[Dataset items]
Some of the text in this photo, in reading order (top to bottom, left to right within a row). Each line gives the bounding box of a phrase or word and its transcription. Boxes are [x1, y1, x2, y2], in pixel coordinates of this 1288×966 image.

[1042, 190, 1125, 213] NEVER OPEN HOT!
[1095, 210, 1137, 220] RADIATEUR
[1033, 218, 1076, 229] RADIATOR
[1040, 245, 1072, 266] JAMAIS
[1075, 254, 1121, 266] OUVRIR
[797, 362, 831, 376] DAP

Assignment: Output the records above exactly as written.

Answer to this exercise:
Some of the text in this photo, in reading order (top to bottom, left to right within a row). Each line gives the bounding box of a phrase or word and its transcription. Boxes are [x1, y1, x2, y2], in pixel coordinates of this 1288×966 image.

[1042, 190, 1125, 213] NEVER OPEN HOT!
[1095, 210, 1137, 220] RADIATEUR
[1033, 218, 1076, 229] RADIATOR
[1040, 245, 1072, 266] JAMAIS
[1075, 254, 1121, 266] OUVRIR
[797, 362, 831, 376] DAP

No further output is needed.